[Date Prev][Date Next][Thread Prev][Thread Next][Date Index][Thread Index]

Re: [Xen-devel] [PATCH RFC v2] Add SUPPORT.md



On 23/10/17 17:22, George Dunlap wrote:
> On 09/11/2017 06:53 PM, Andrew Cooper wrote:
>> On 11/09/17 18:01, George Dunlap wrote:
>>> +### x86/RAM
>>> +
>>> +    Limit, x86: 16TiB
>>> +    Limit, ARM32: 16GiB
>>> +    Limit, ARM64: 5TiB
>>> +
>>> +[XXX: Andy to suggest what this should say for x86]
>> The limit for x86 is either 16TiB or 123TiB, depending on
>> CONFIG_BIGMEM.  CONFIG_BIGMEM is exposed via menuconfig without
>> XEN_CONFIG_EXPERT, so falls into at least some kind of support statement.
>>
>> As for practical limits, I don't think its reasonable to claim anything
>> which we can't test.  What are the specs in the MA colo?
> At the moment the "Limit" tag specifically says that it's theoretical
> and may not work.
>
> We could add another tag, "Limit-tested", or something like that.
>
> Or, we could simply have the Limit-security be equal to the highest
> amount which has been tested (either by osstest or downstreams).
>
> For simplicity's sake I'd go with the second one.

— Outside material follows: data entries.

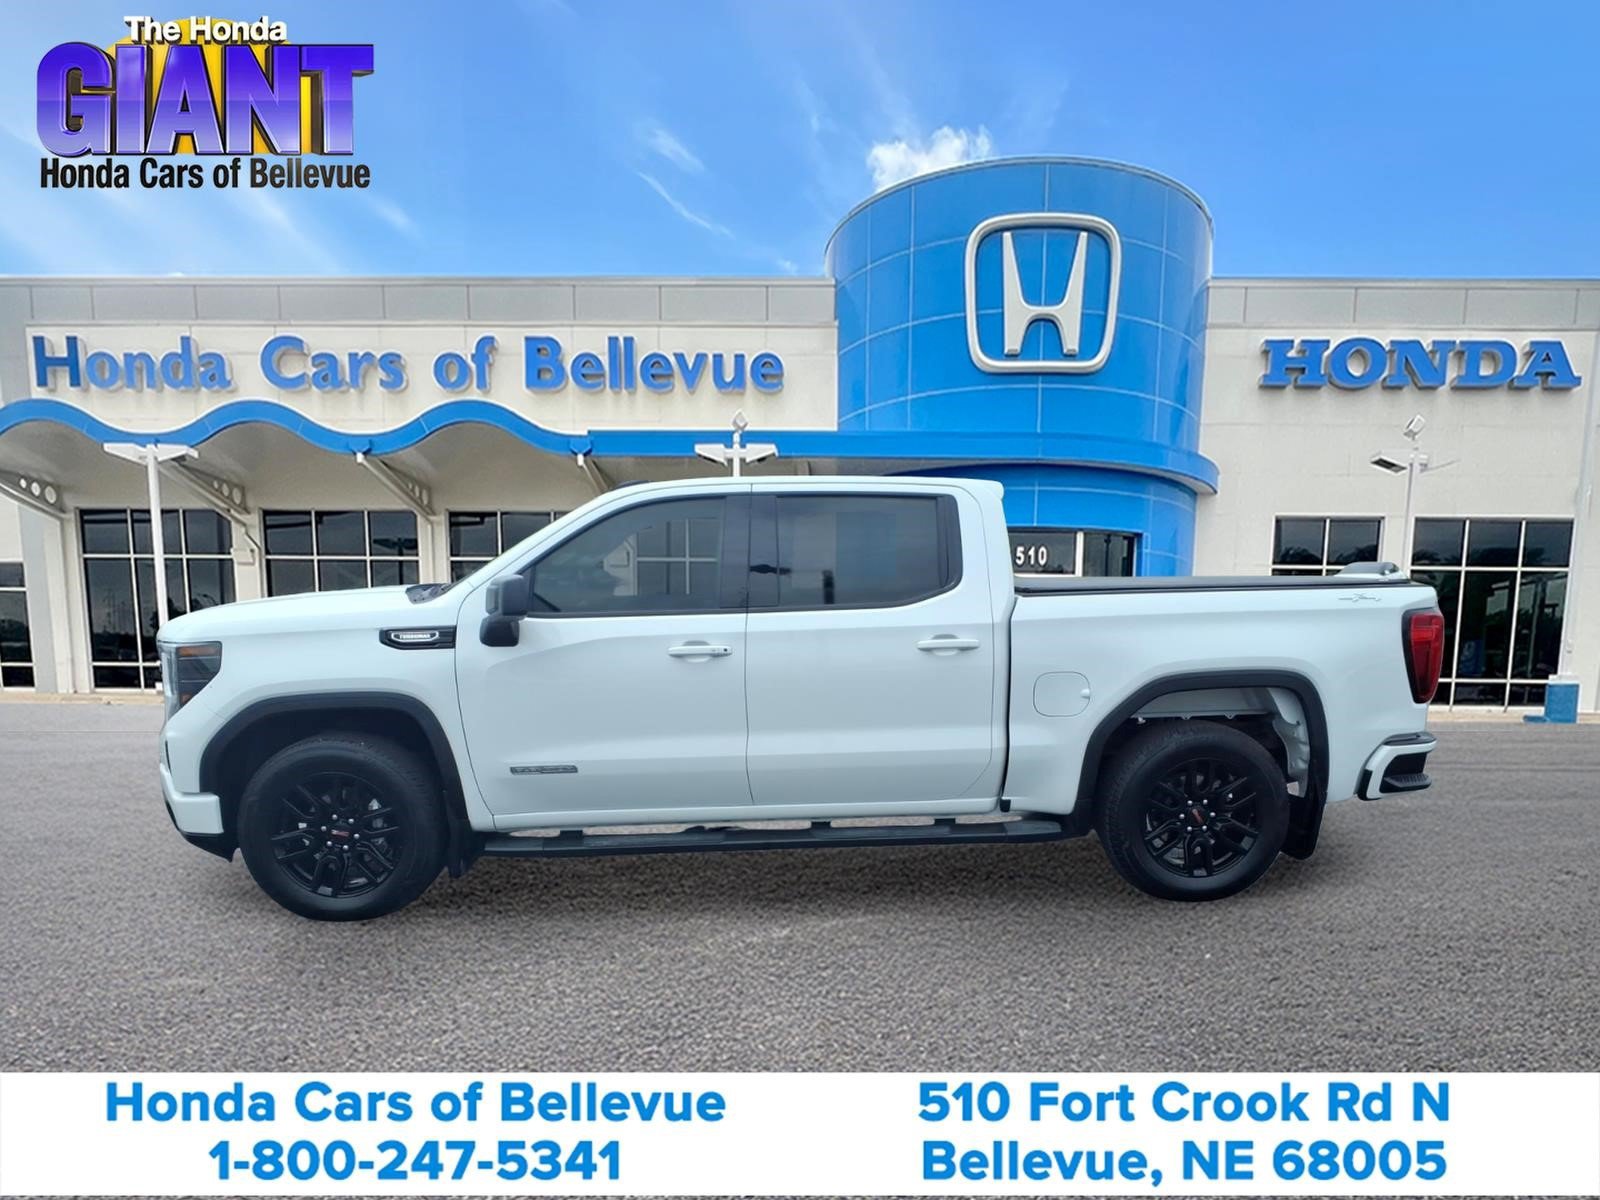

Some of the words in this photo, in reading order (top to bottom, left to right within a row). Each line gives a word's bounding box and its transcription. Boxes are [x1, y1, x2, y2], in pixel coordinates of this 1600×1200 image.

[33, 335, 232, 392] Honda
[261, 335, 406, 391] Cars
[433, 335, 497, 392] of
[524, 335, 784, 393] Bellevue
[1259, 336, 1582, 390] HONDA
[1015, 545, 1048, 566] 510

It think it would be very helpful to distinguish the upper limits from
the supported limits.  There will be a large difference between the two.

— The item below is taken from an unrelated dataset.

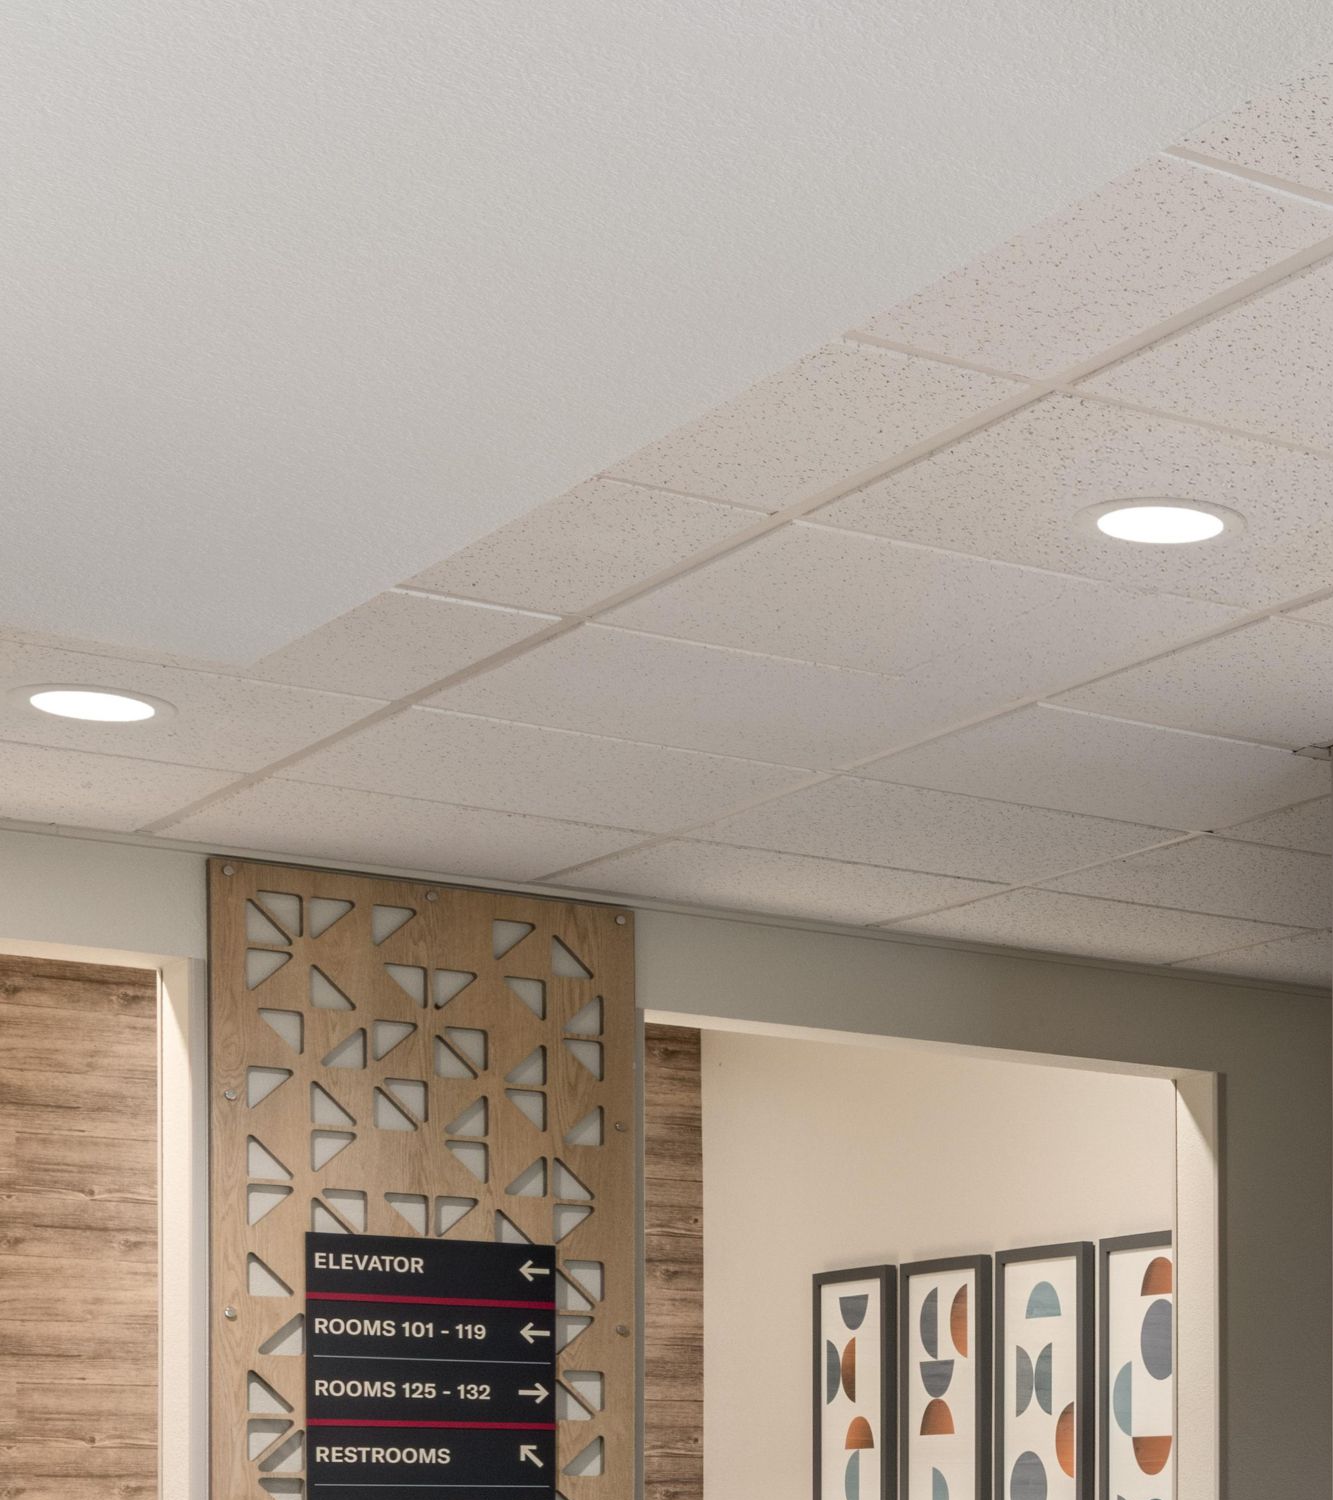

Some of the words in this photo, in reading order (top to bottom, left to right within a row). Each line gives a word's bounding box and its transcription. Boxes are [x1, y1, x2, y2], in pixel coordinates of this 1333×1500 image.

Limit-Theoretical and Limit-Supported ?

In all cases, we should identify why the limit is where it is, even if
that is only "maximum people have tested to".  Other

>
> Shall I write an e-mail with a more direct query for the maximum amounts
> of various numbers tested by the XenProject (via osstest), Citrix, SuSE,
> and Oracle?

For XenServer,
http://docs.citrix.com/content/dam/docs/en-us/xenserver/current-release/downloads/xenserver-config-limits.pdf

>> [root@fusebot ~]# python
>> Python 2.7.5 (default, Nov 20 2015, 02:00:19)
>> [GCC 4.8.5 20150623 (Red Hat 4.8.5-4)] on linux2
>> Type "help", "copyright", "credits" or "license" for more information.
>>>>> from xen.lowlevel.xc import xc as XC
>>>>> xc = XC()
>>>>> xc.domain_create()
>> 1
>>>>> xc.domain_max_vcpus(1, 8192)
>> 0
>>>>> xc.domain_create()
>> 2
>>>>> xc.domain_max_vcpus(2, 8193)
>> Traceback (most recent call last):
>>   File "<stdin>", line 1, in <module>
>> xen.lowlevel.xc.Error: (22, 'Invalid argument')
>>
>> Trying to shut such a domain down however does tickle a host watchdog
>> timeout as the for_each_vcpu() loops in domain_kill() are very long.
> For now I'll set 'Limit' to 8192, and 'Limit-security' to 512.
> Depending on what I get for the "test limit" survey I may adjust it
> afterwards.

The largest production x86 server I am aware of is a Skylake-S system
with 496 threads.  512 is not a plausibly-tested number.

>
>>> +    Limit, x86 HVM: 128
>>> +    Limit, ARM32: 8
>>> +    Limit, ARM64: 128
>>> +
>>> +[XXX Andrew Cooper: Do want to add "Limit-Security" here for some of 
>>> these?]
>> 32 for each.  64 vcpu HVM guests can excerpt enough p2m lock pressure to
>> trigger a 5 second host watchdog timeout.
> Is that "32 for x86 PV and x86 HVM", or "32 for x86 HVM and ARM64"?  Or
> something else?

The former.  I'm not qualified to comment on any of the ARM limits.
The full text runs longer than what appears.